WHAT IS REQUIRED:
Everything in the entries below should be restated exactly, except for the pictures.

- Opening Delimiter -

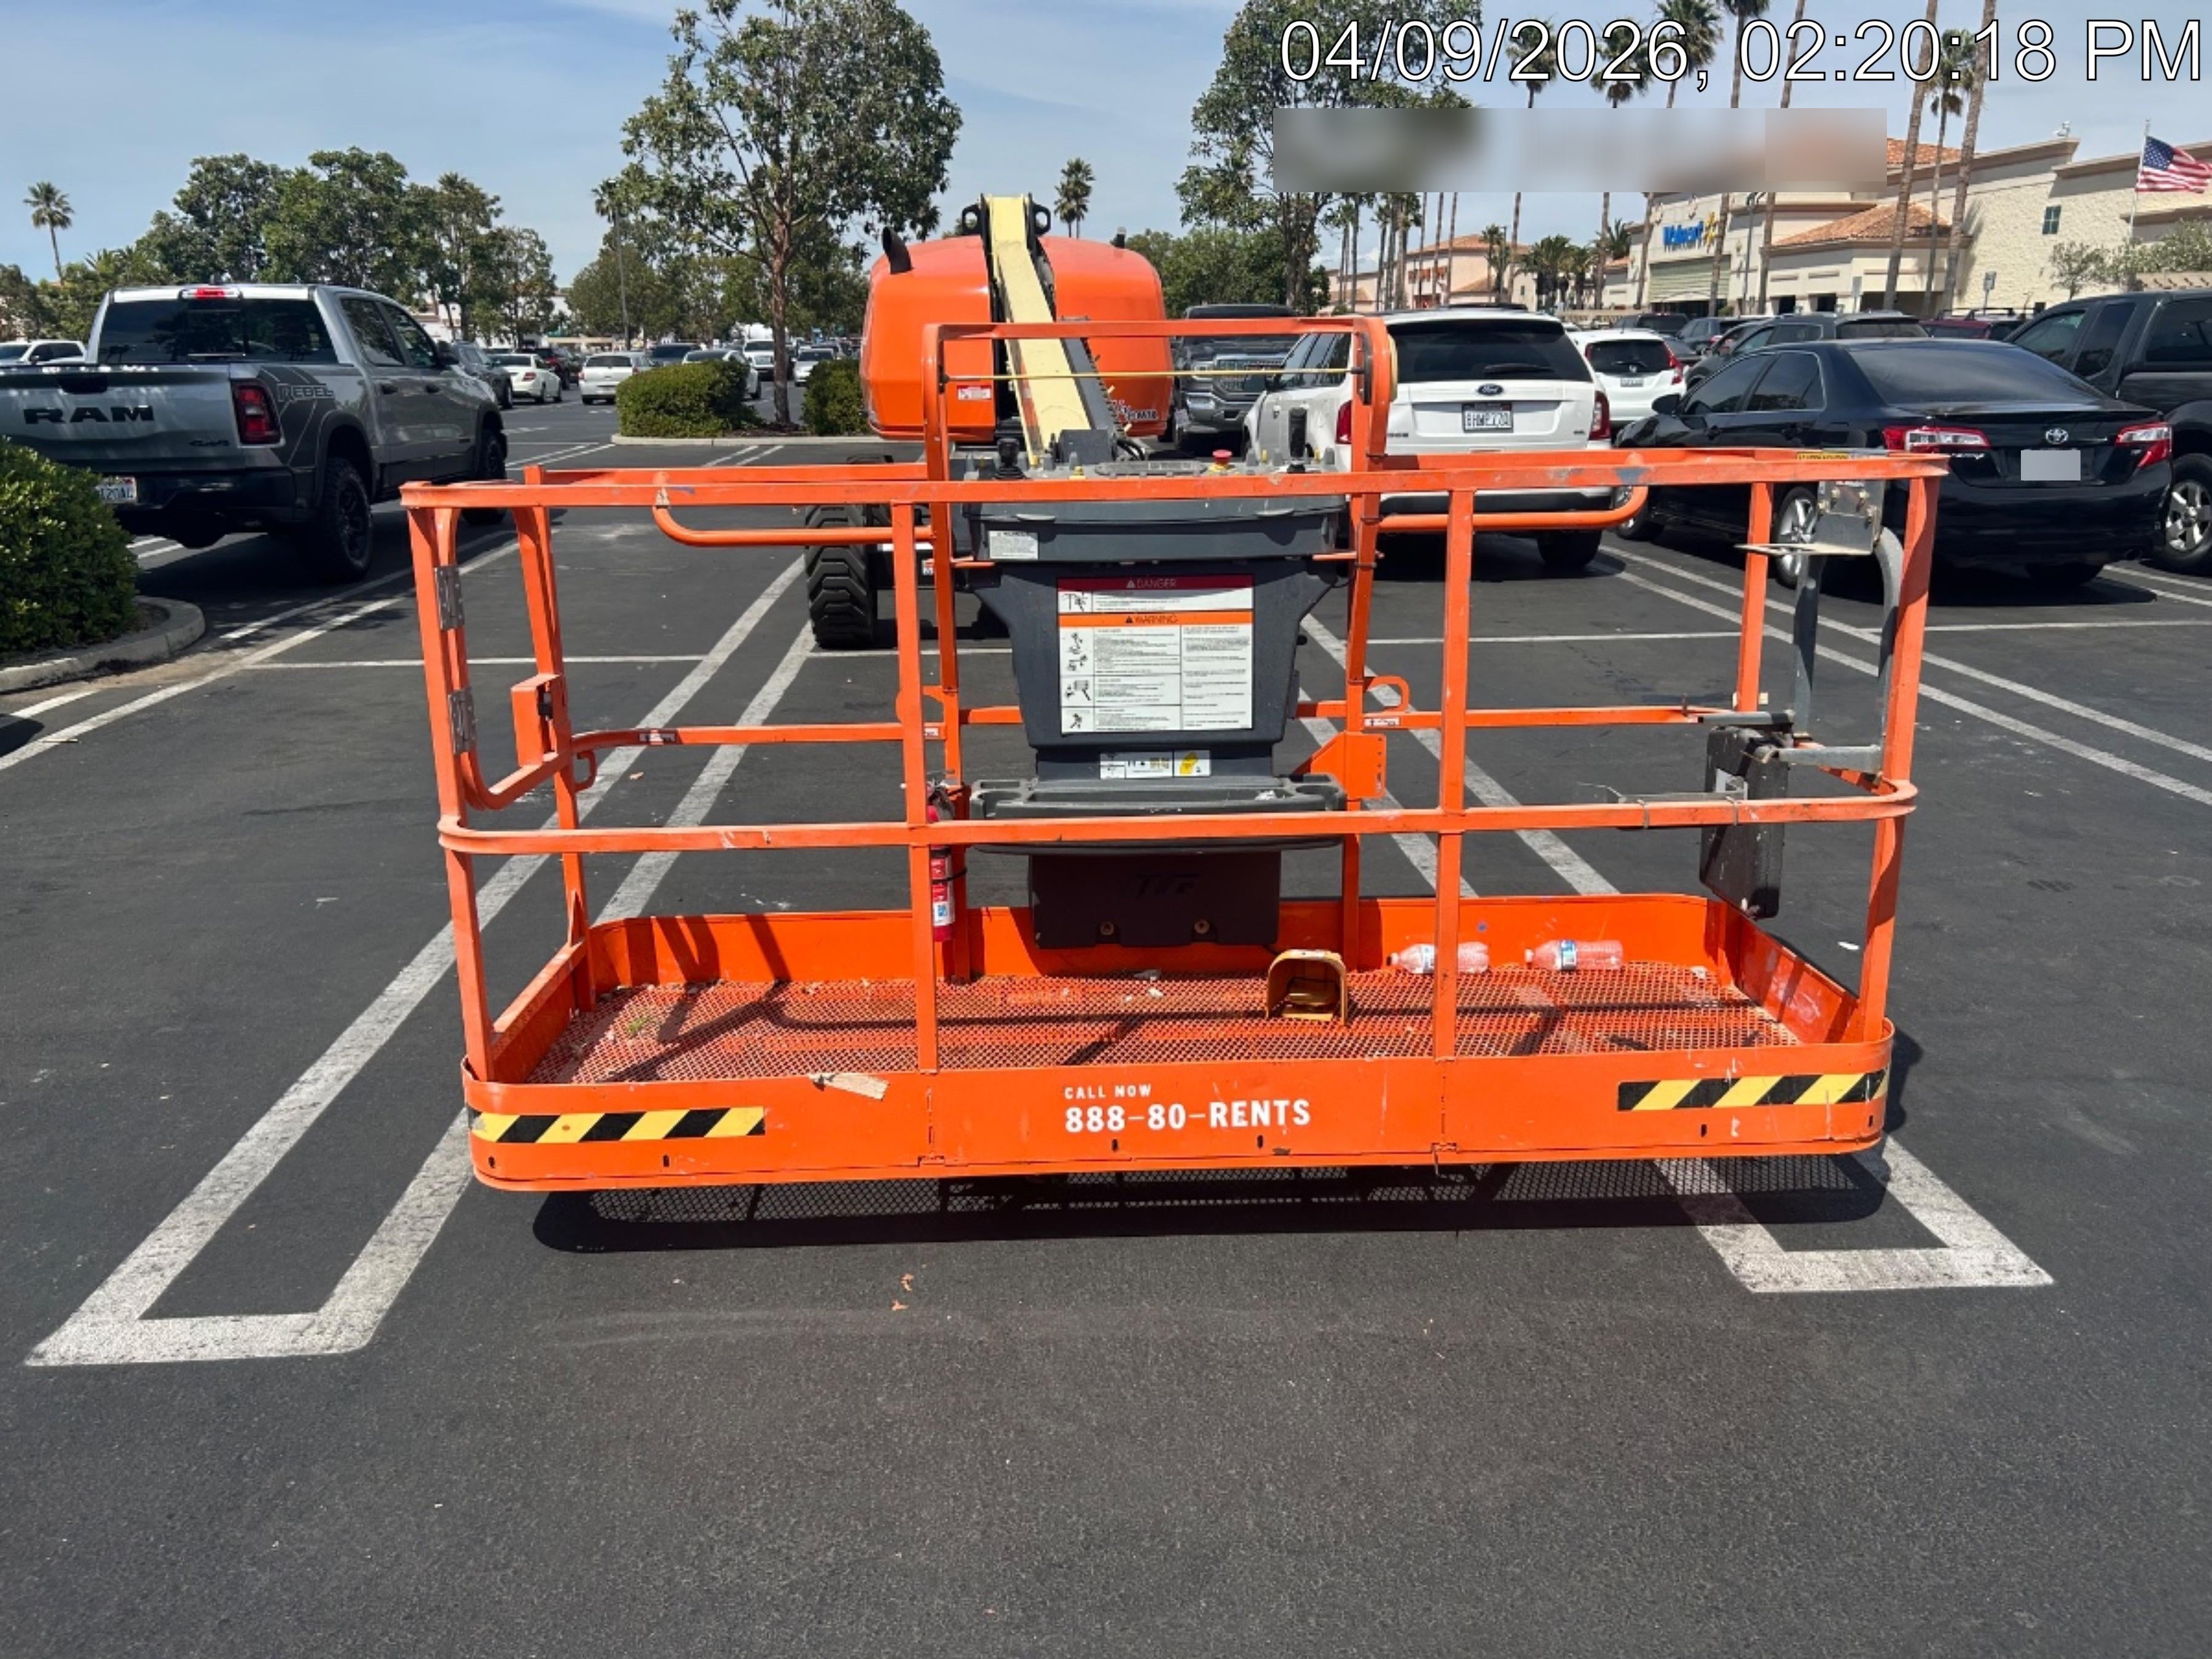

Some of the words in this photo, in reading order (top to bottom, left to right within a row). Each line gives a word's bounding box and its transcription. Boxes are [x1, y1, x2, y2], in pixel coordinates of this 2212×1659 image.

[276, 382, 335, 402] REBEL
[23, 406, 155, 424] RAM
[1137, 579, 1177, 589] DANGER
[1135, 614, 1178, 624] WARNING
[1064, 1086, 1106, 1100] CALL
[1115, 1084, 1151, 1097] NOW
[1064, 1099, 1311, 1133] 888-80-RENTS
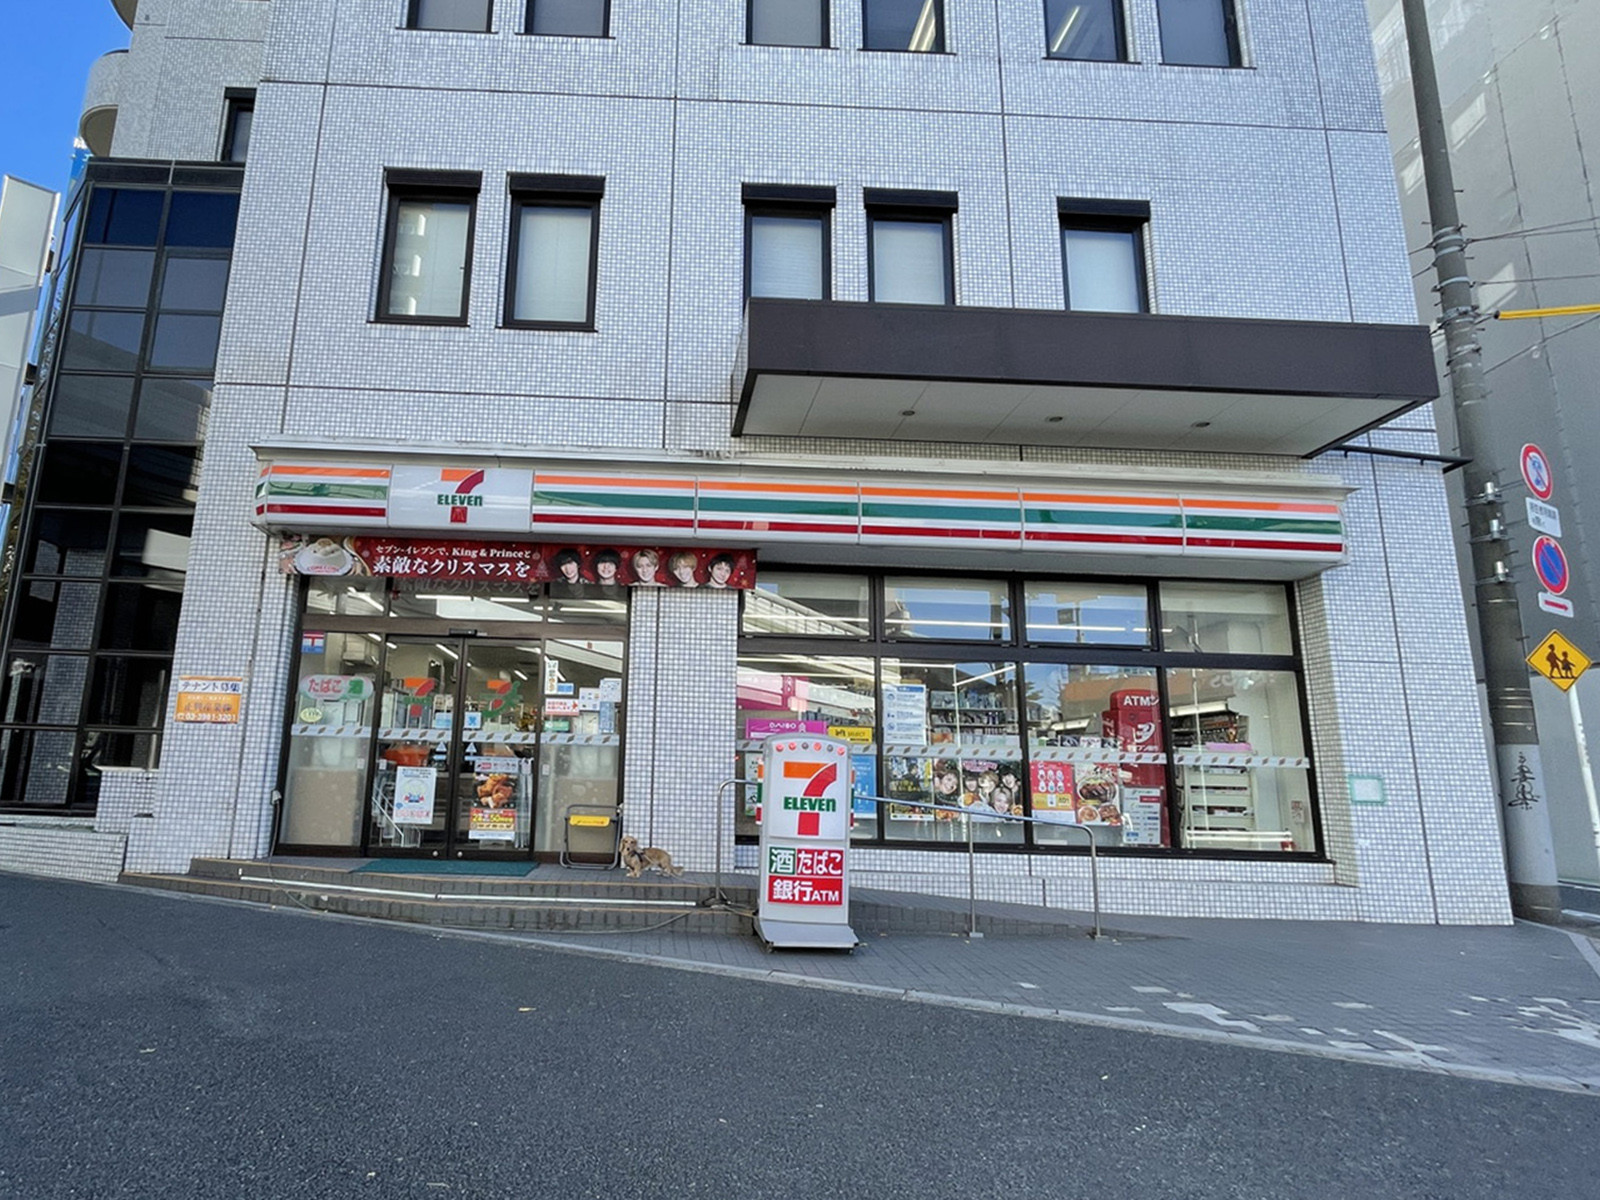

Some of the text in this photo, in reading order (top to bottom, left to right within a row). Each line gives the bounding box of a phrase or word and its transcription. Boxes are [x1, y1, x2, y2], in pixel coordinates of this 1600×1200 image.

[437, 494, 483, 506] ELEVEN
[452, 547, 477, 558] King
[479, 549, 488, 557] &
[489, 549, 531, 559] Princeと
[373, 555, 531, 578] 素敵なクリスマスを
[308, 678, 342, 693] たばこ
[1123, 695, 1149, 706] ATM
[783, 796, 836, 812] ELEVEN
[770, 849, 843, 876] 酒 たばこ

- Closing Delimiter -

RESPONSE AREA:
Some of the words in this photo, in reading order (top to bottom, left to right within a row). Each line gives a word's bounding box and its transcription. Boxes are [x1, y1, x2, y2], in pixel coordinates of this 2212×1659 image.

[276, 382, 335, 402] REBEL
[23, 406, 155, 424] RAM
[1137, 579, 1177, 589] DANGER
[1135, 614, 1178, 624] WARNING
[1064, 1086, 1106, 1100] CALL
[1115, 1084, 1151, 1097] NOW
[1064, 1099, 1311, 1133] 888-80-RENTS

Some of the text in this photo, in reading order (top to bottom, left to right within a row). Each line gives the bounding box of a phrase or word and its transcription. Boxes are [x1, y1, x2, y2], in pixel coordinates of this 1600×1200 image.

[437, 494, 483, 506] ELEVEN
[452, 547, 477, 558] King
[479, 549, 488, 557] &
[489, 549, 531, 559] Princeと
[373, 555, 531, 578] 素敵なクリスマスを
[308, 678, 342, 693] たばこ
[1123, 695, 1149, 706] ATM
[783, 796, 836, 812] ELEVEN
[770, 849, 843, 876] 酒 たばこ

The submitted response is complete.